- _Exercise aim_
The required output is the line with "this 1583×1255 image." plus all lines that follow it to the end of the listing below, written out exactly, with no pictures.

- _Information supplied_
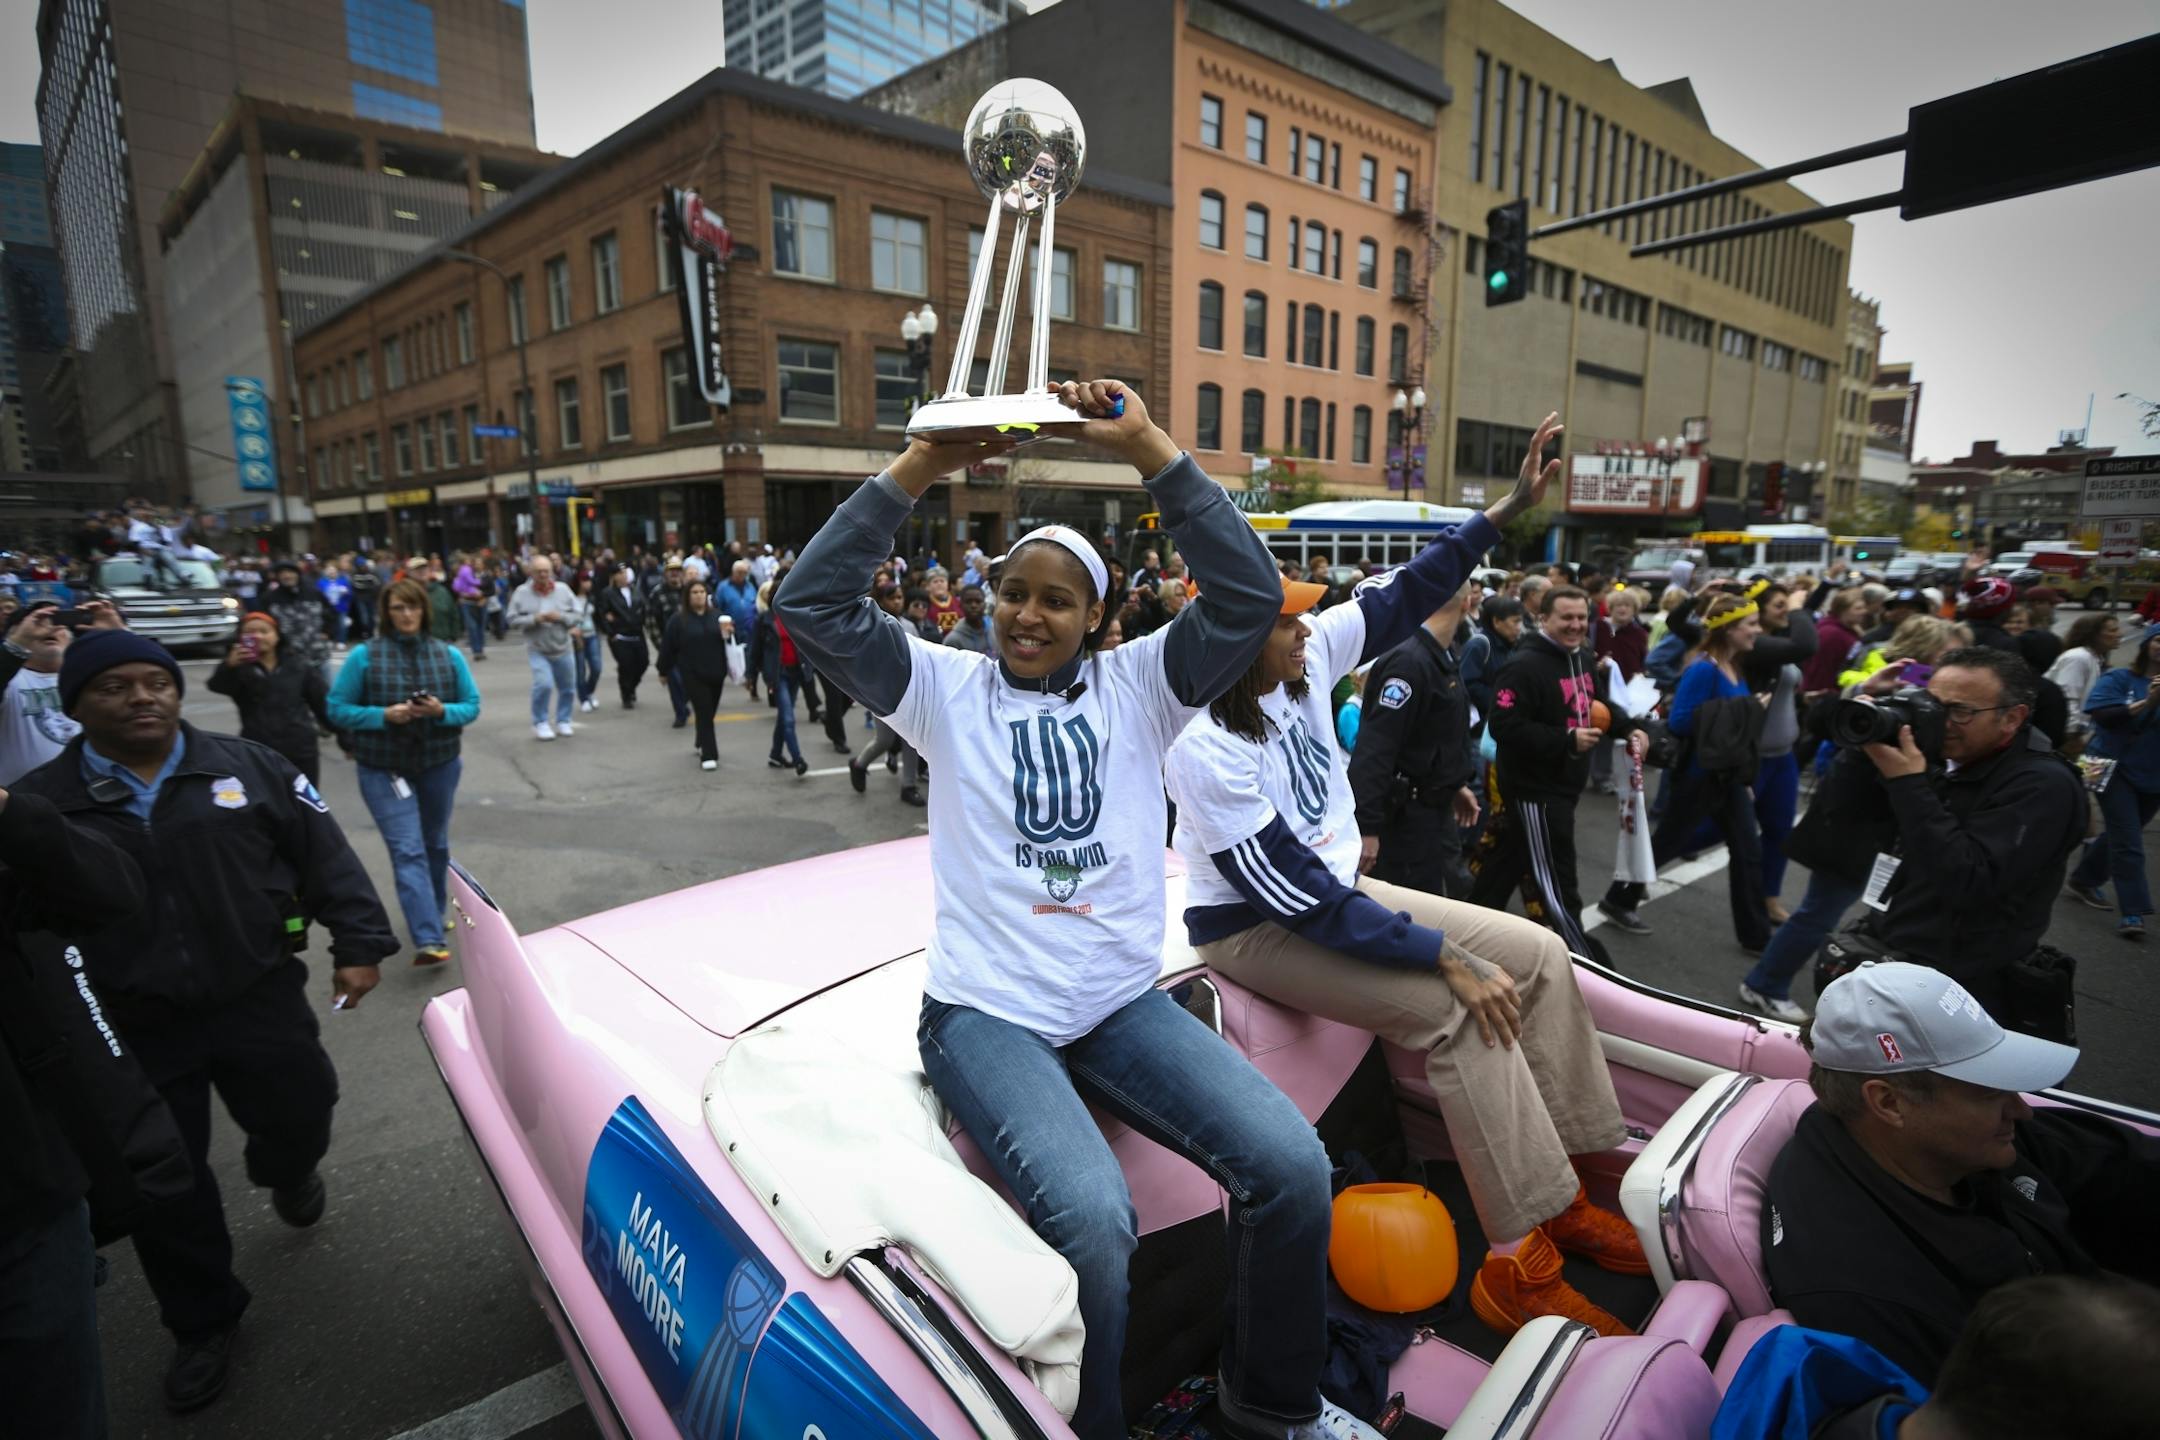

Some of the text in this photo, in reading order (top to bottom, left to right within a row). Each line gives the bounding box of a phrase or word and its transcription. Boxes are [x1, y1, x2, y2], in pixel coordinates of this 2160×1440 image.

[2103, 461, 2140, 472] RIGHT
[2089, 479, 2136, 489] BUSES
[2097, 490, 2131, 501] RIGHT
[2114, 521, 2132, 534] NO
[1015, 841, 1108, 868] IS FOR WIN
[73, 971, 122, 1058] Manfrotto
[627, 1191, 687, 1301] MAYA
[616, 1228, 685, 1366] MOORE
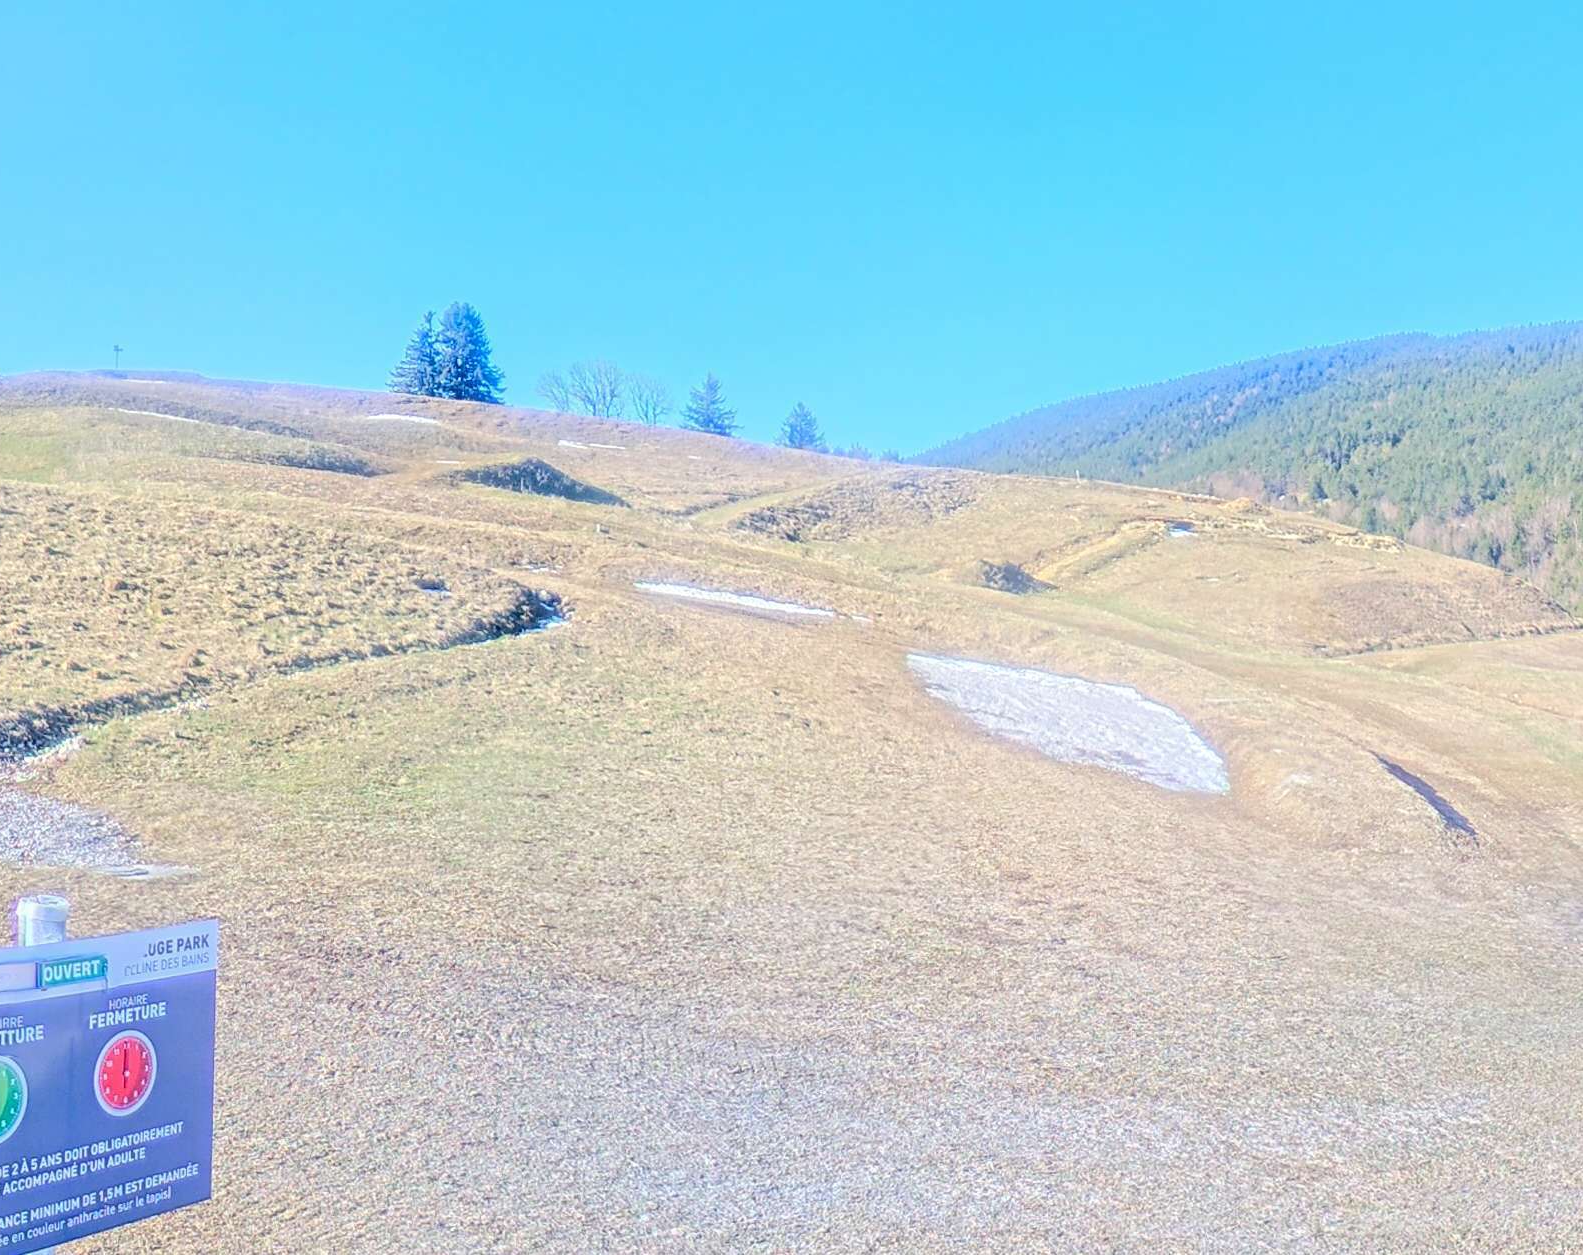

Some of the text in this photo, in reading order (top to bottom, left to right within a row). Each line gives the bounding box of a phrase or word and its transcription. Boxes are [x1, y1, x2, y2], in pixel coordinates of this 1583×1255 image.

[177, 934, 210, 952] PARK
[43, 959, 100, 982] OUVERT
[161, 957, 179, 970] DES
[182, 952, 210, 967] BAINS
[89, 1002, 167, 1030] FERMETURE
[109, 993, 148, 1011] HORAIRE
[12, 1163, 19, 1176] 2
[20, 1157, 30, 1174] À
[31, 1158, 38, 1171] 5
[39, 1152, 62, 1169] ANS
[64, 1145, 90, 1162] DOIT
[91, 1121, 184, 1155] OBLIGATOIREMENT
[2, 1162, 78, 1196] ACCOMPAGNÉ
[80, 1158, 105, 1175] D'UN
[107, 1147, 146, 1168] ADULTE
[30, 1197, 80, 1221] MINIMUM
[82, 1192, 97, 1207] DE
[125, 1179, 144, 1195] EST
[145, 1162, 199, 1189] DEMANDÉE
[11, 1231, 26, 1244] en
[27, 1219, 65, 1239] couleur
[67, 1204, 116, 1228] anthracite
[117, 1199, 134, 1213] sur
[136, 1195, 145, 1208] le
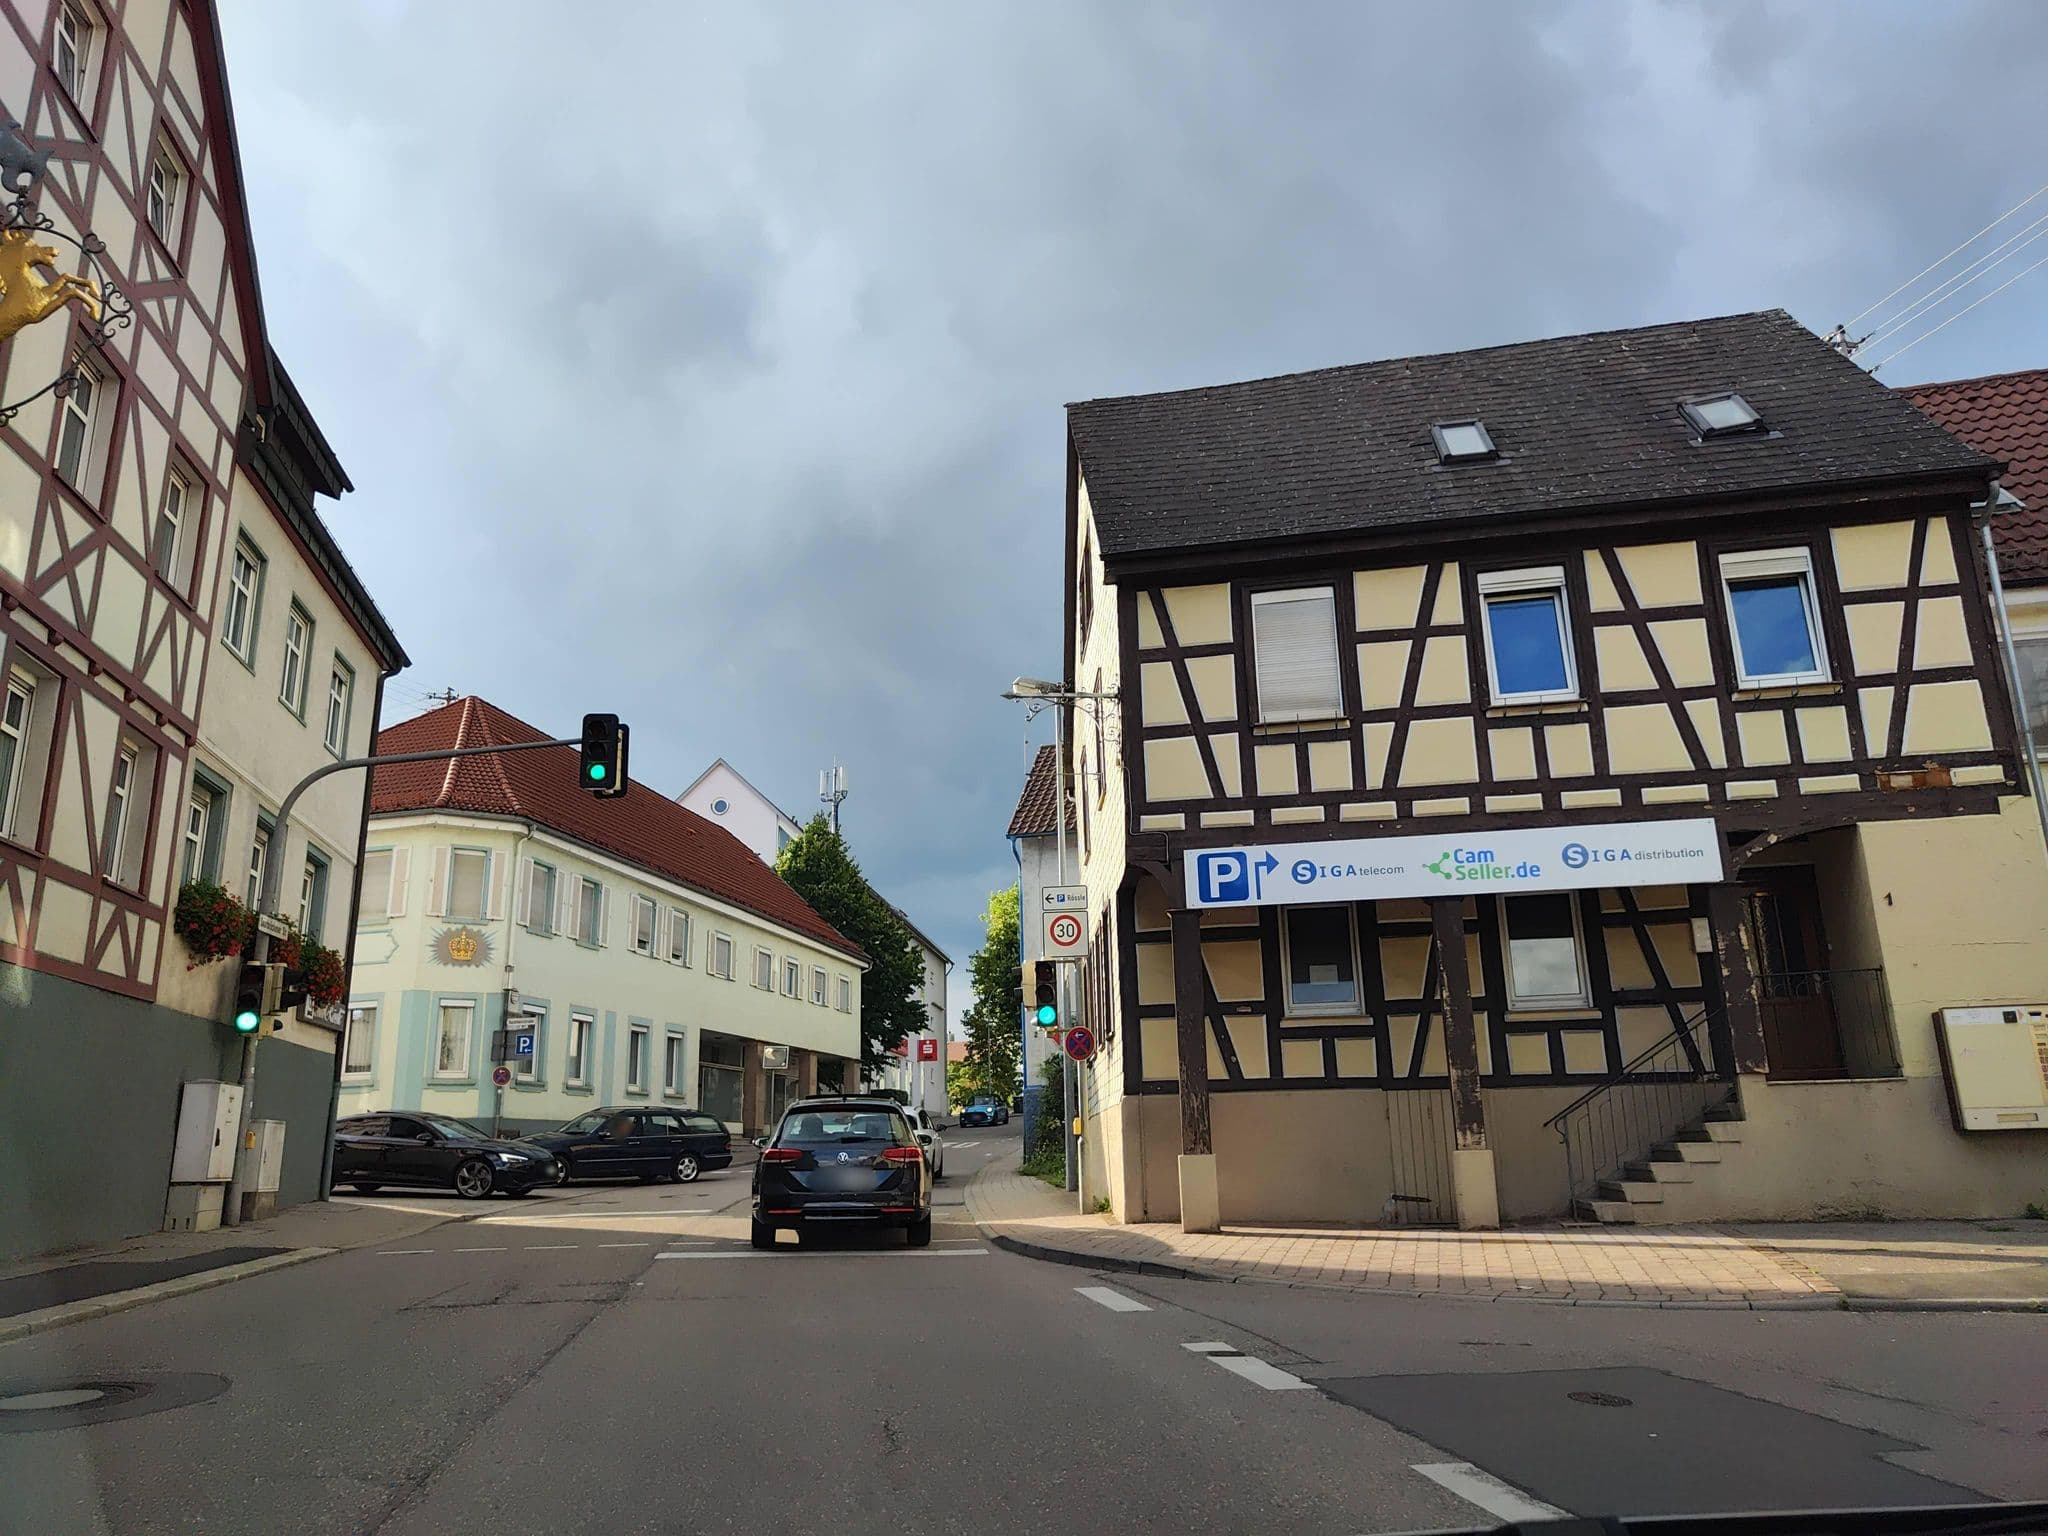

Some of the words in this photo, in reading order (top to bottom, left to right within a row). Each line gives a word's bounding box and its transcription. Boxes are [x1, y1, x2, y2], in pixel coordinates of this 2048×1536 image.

- _Solution_
Some of the text in this photo, in reading order (top to bottom, left to right within a row). Each line gives the bounding box of a phrase or word and its transcription. Boxes are [x1, y1, x2, y2], in pixel coordinates of this 1583×1255 image.

[177, 934, 210, 952] PARK
[43, 959, 100, 982] OUVERT
[161, 957, 179, 970] DES
[182, 952, 210, 967] BAINS
[89, 1002, 167, 1030] FERMETURE
[109, 993, 148, 1011] HORAIRE
[12, 1163, 19, 1176] 2
[20, 1157, 30, 1174] À
[31, 1158, 38, 1171] 5
[39, 1152, 62, 1169] ANS
[64, 1145, 90, 1162] DOIT
[91, 1121, 184, 1155] OBLIGATOIREMENT
[2, 1162, 78, 1196] ACCOMPAGNÉ
[80, 1158, 105, 1175] D'UN
[107, 1147, 146, 1168] ADULTE
[30, 1197, 80, 1221] MINIMUM
[82, 1192, 97, 1207] DE
[125, 1179, 144, 1195] EST
[145, 1162, 199, 1189] DEMANDÉE
[11, 1231, 26, 1244] en
[27, 1219, 65, 1239] couleur
[67, 1204, 116, 1228] anthracite
[117, 1199, 134, 1213] sur
[136, 1195, 145, 1208] le

Some of the words in this photo, in reading order (top to bottom, left to right within a row). Each line gives a word's bounding box and its transcription. Boxes are [x1, y1, x2, y2], in pixel coordinates of this 2048×1536 image.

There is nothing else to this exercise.